Updated November, 2022
File A3-50

Specialty Grain Terms

Act of God - Contract term whereby the grower is not obligated to deliver or pay for a shortage of contracted production in the event of poor yields due to weather or other uncontrollable factors.

Approved list - End-user’s list of preferred hybrids and/or varieties. Hybrids and varieties on approved lists have characteristics that best meet the specific needs of the end-use buyer. Many users of food grade corn and food grade soybeans have approved lists.

Composition-based grain marketing - The marketing of commodities based on the value of their various feed components, such as the starch and oil in corn. Traditional market grades or standards do not separately value the traits, and the issue of changing the way grains are priced and marketed has received considerable attention over the years.

End-user - Users of grain or grain products. End-users can be broadly categorized as food companies, feed companies, livestock producers, and grain processors.

End-use tailored variety - Another way of describing identity preservation. Here, however, the focus is on the plant breeding or genetic engineering that brings added value through a particular crop trait. High-oil corn, with its higher value as an animal feed component, is an example of an end-use-tailored variety.

Grower contract - A contract between a grower and contractor for production of a specific type, quality, and amount of grain or other product. Most grower contracts are for a specified number of acres in which the contractor is obligated to purchase the entire production. Some grower contracts, however, are for a specified volume of grain.

Identity preserved (IP) grain - Grain (or oilseeds) segregated and handled separately from commodity grain. IP grain typically has characteristics that are desirable for specific end uses and needs to be segregated in order to preserve those traits and their value. To preserve a product’s unique traits or value, identity preservation demands significant steps during production, harvesting, storage and processing to segregate the crop from other varieties.

Multi-media residue (MMR) screen - A series of chemical analyses made on grain or similar products to determine the presence of chemical residues.

Near infrared (NIR) spectrometry - An analytical method for rapid, non-destructive analysis of grain. Currently, NIR technologies are used for measuring content of protein, oil, starch, and moisture in grain. The technology will be used by researchers and handlers of grain.

Organic grain - Grain typically grown without the use of chemical pesticides and without the use of commercial fertilizers.

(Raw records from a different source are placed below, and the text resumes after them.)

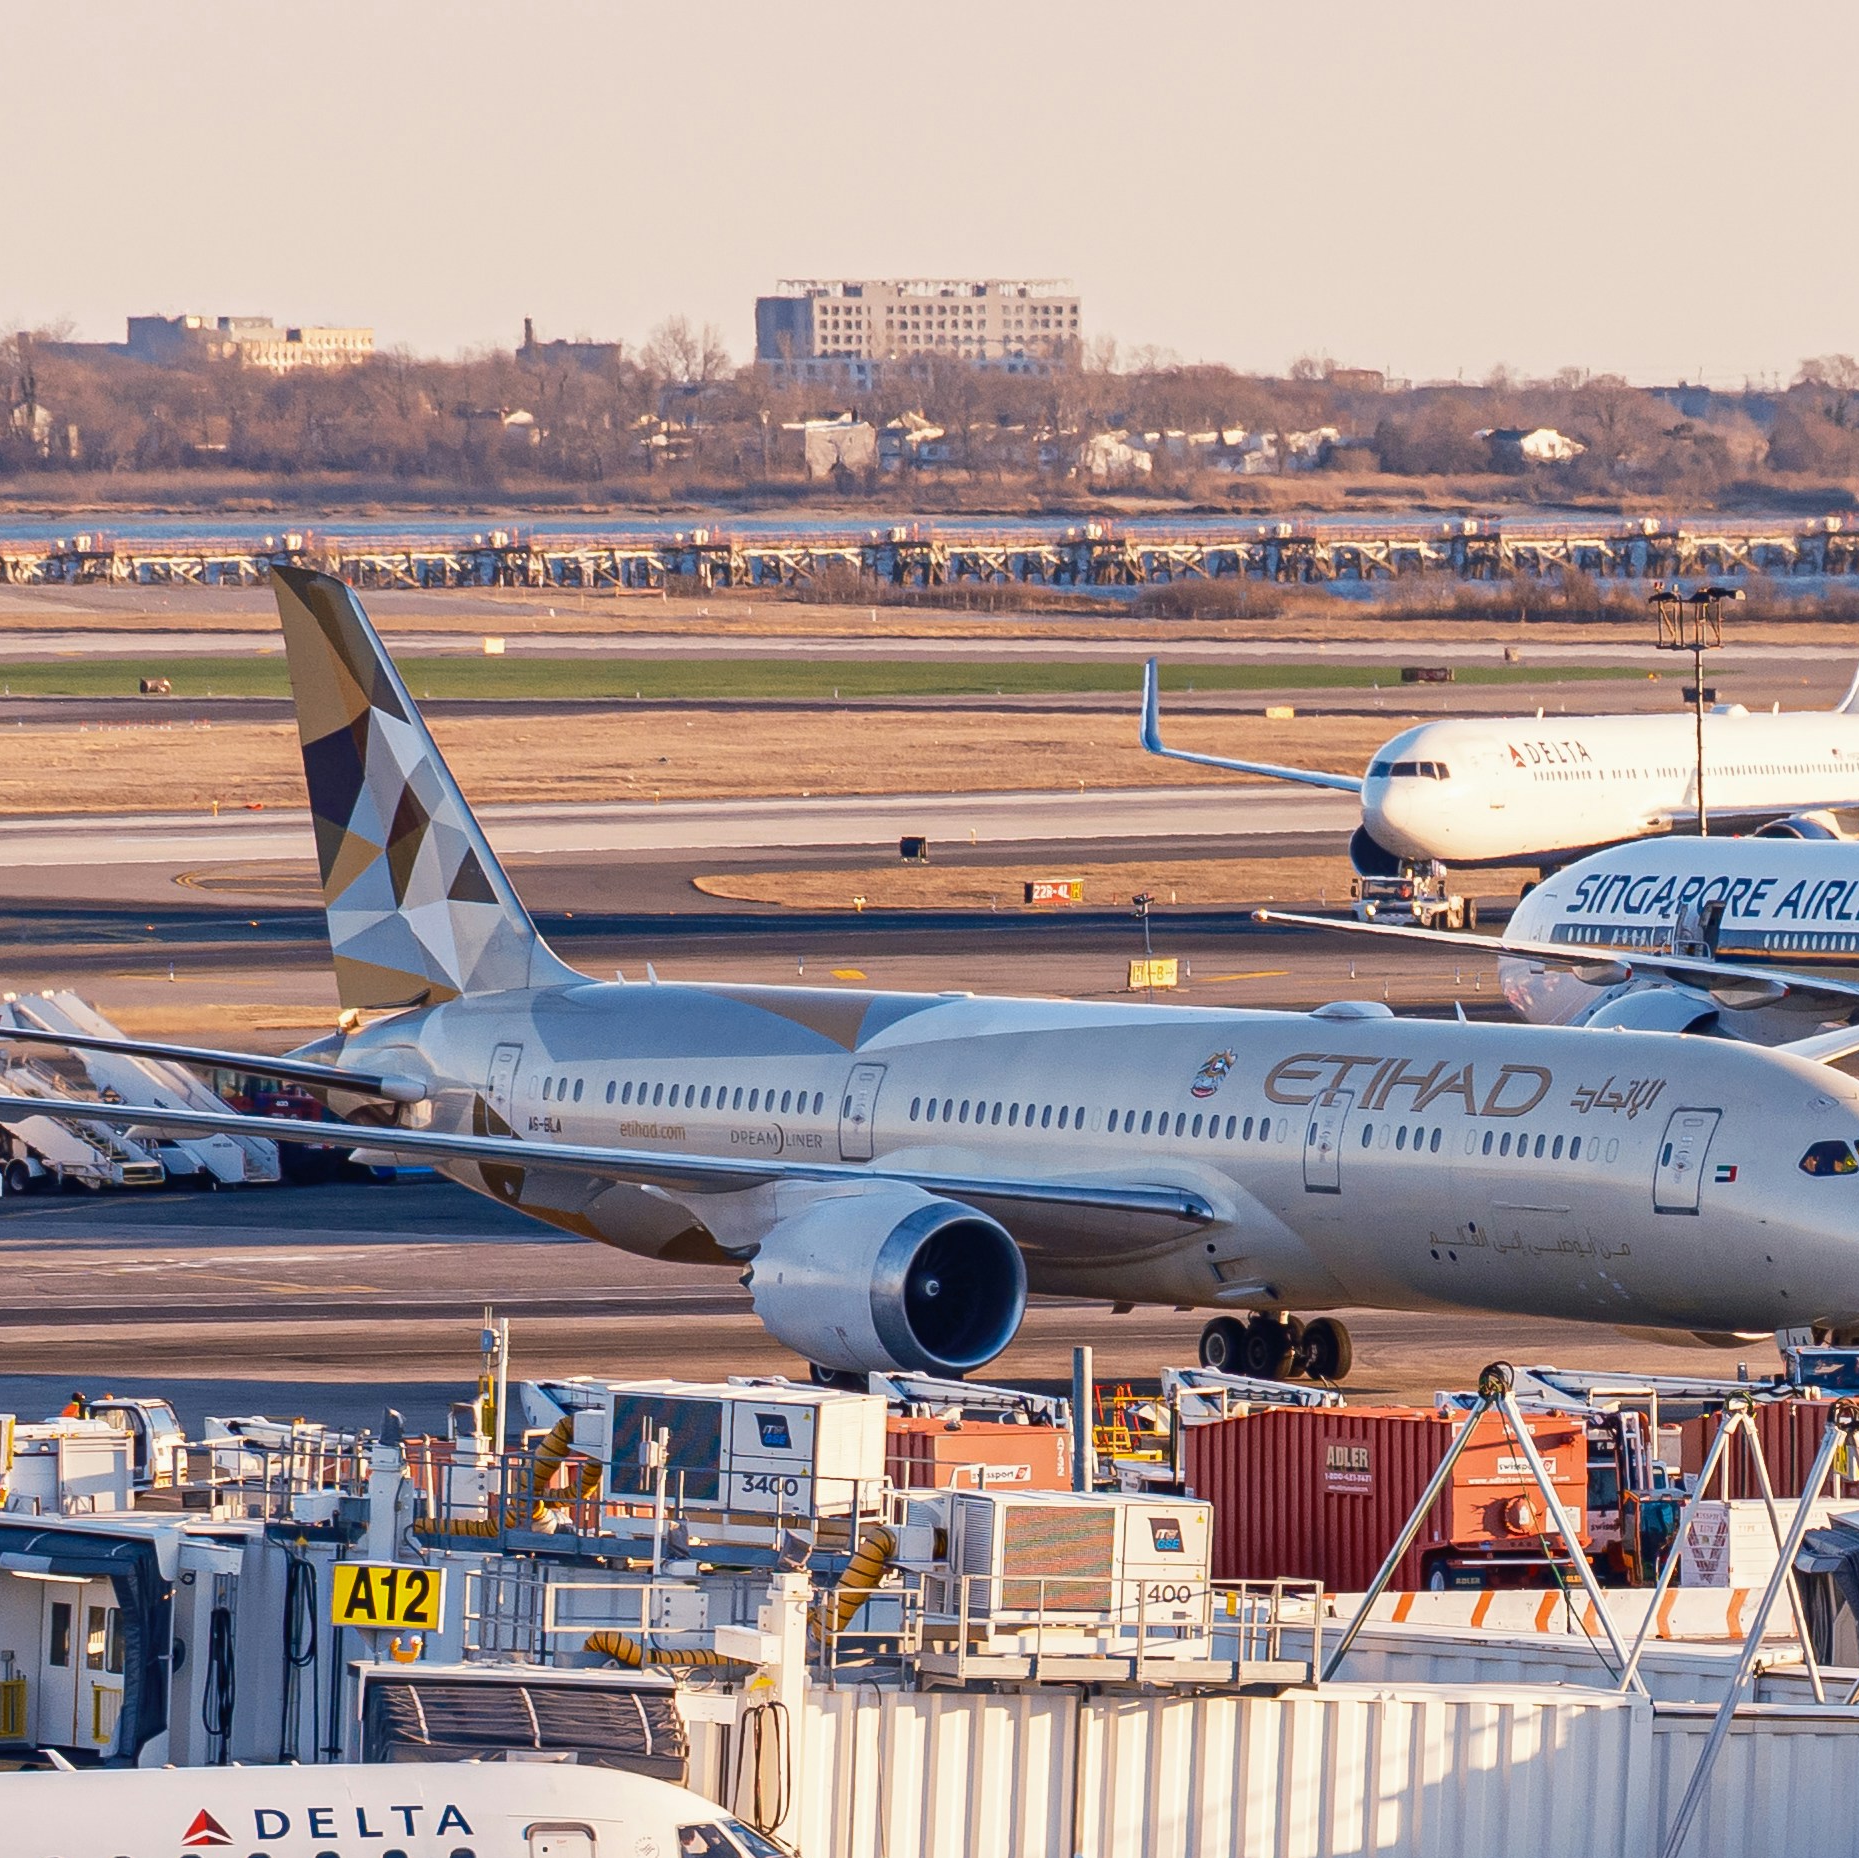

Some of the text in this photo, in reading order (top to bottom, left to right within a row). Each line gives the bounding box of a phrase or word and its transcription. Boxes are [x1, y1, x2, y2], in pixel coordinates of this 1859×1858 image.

[1524, 740, 1593, 764] DELTA
[1033, 884, 1070, 899] 22R-4L
[1566, 873, 1778, 920] SINGAPORE
[1264, 1052, 1553, 1119] ETIHAD
[528, 1117, 563, 1134] A6-BLA
[620, 1121, 687, 1142] etihad.com
[1326, 1445, 1369, 1469] ADLER
[741, 1474, 799, 1497] 3400
[343, 1566, 430, 1623] A12
[1137, 1584, 1191, 1605] 400
[255, 1804, 474, 1839] DELTA
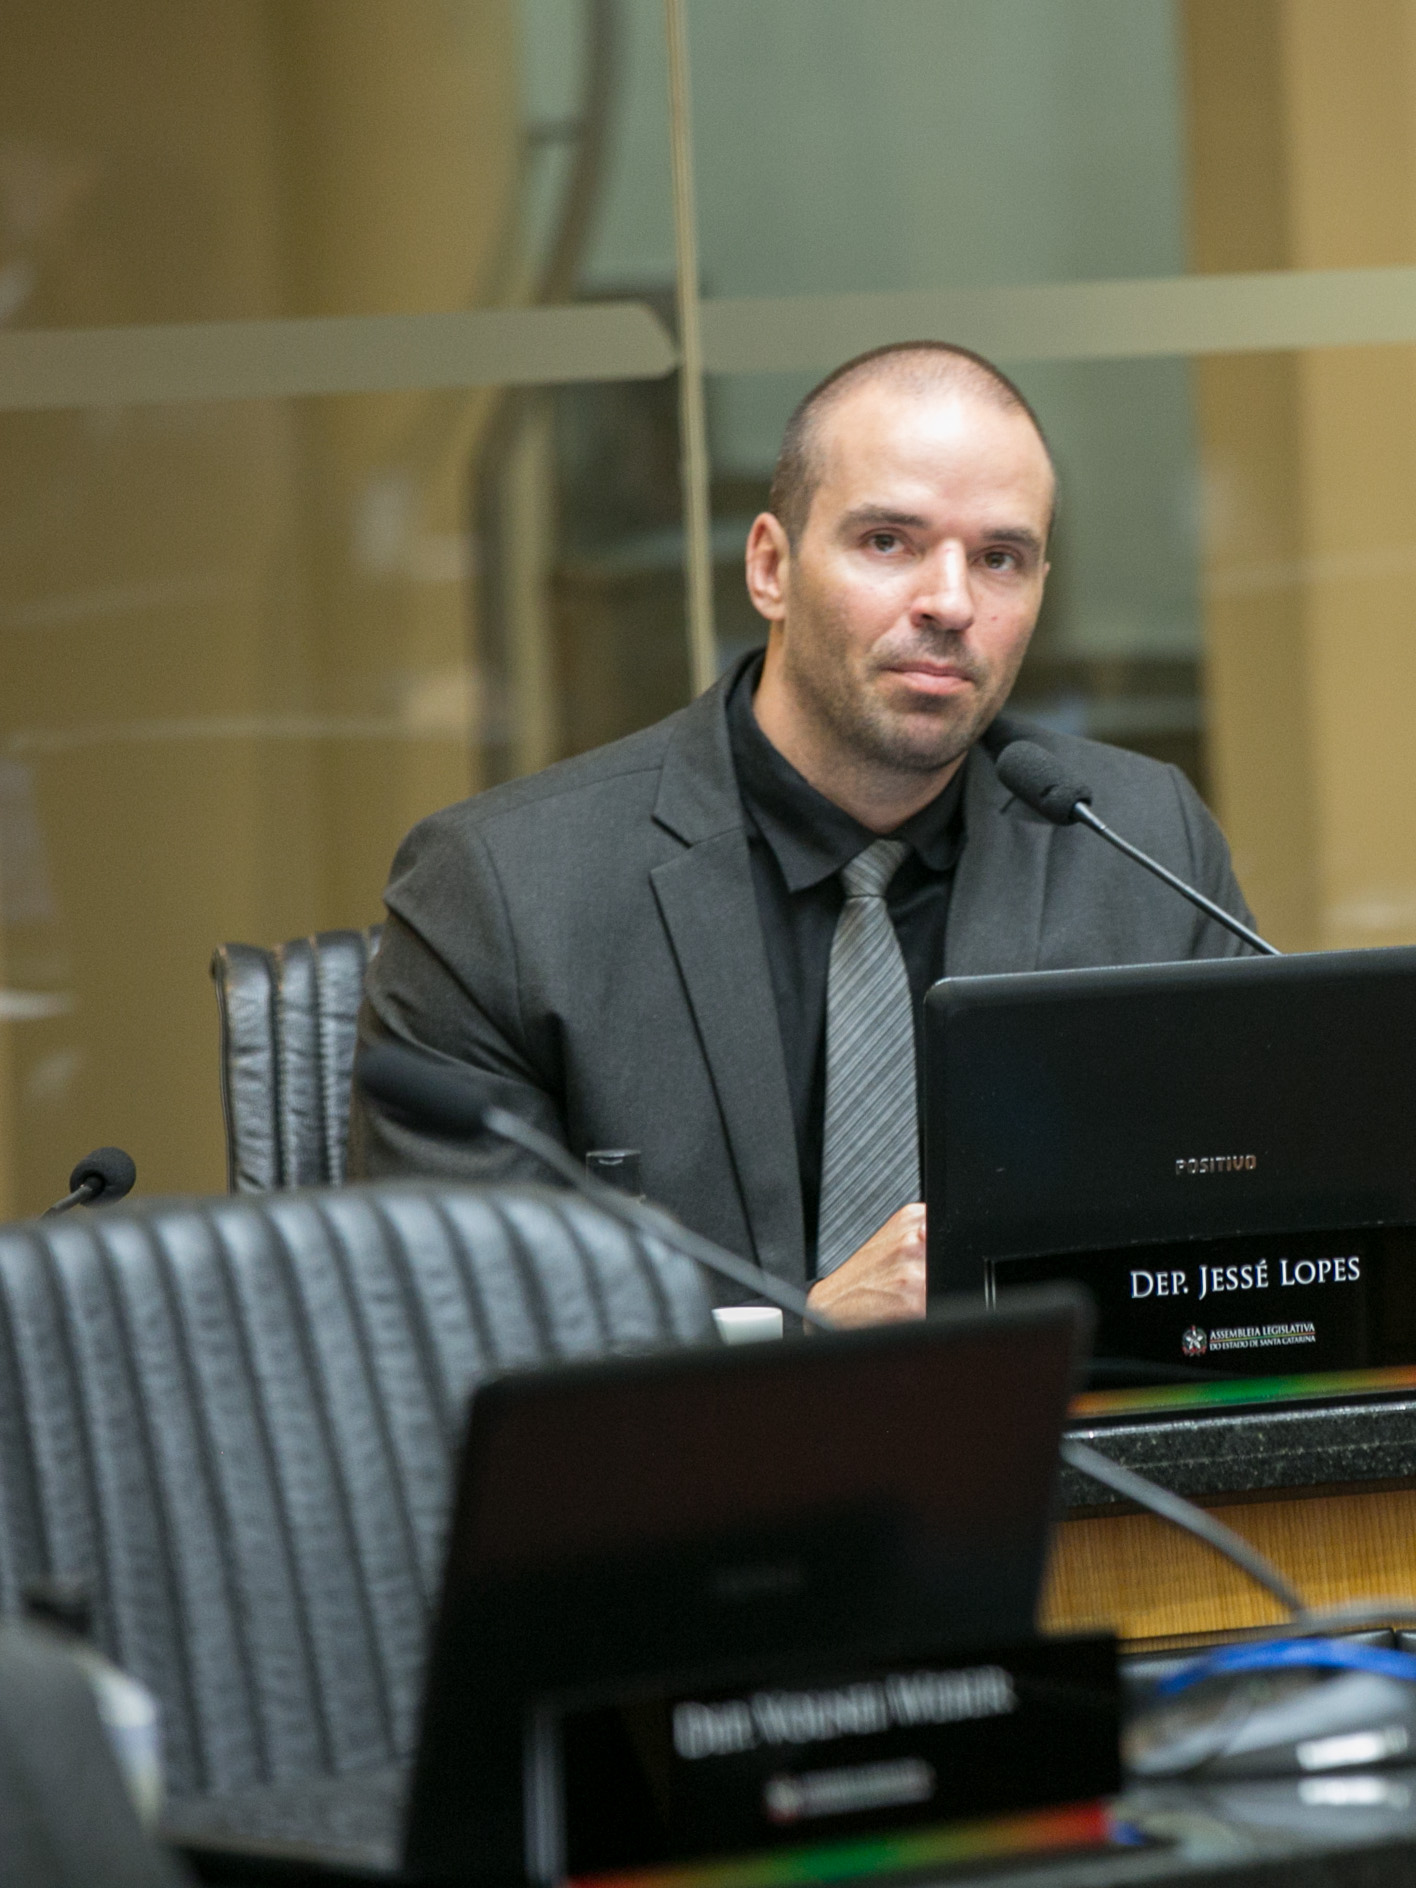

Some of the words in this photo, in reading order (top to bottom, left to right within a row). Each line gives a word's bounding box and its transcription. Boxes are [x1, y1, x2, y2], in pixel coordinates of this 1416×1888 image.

Certification of organic grain varies by certifying agency and by state. Typically, three years without chemical pesticide and commercial fertilizer applications are needed for certification.

Sourcing - Searching for and buying grain or grain products with specific traits that have been identity preserved.

Specialty-crop production - Generally refers to the production of untraditional varieties such as waxy corn, white corn, or food-grade soybeans; or it may refer to raising identity-preserved crops. In some cases, it refers to traditional grains that are marketed for untraditional or industrial uses. In any case, the attraction of specialty-grain production is the ability to enter a new or niche market that offers a price premium. Unlike identity preservation, specialty-grain production does not have to be based on unique plant genetics or production methods to result in the unique trait. Instead, entering the specialty- crop market may just depend on the producer’s ability to find a buyer who will pay a higher price to guarantee a supply for the alternative use. Grains sold for specialty purposes are sometimes referred to as product commodities, as opposed to the grain commodities sold in the traditional marketplace.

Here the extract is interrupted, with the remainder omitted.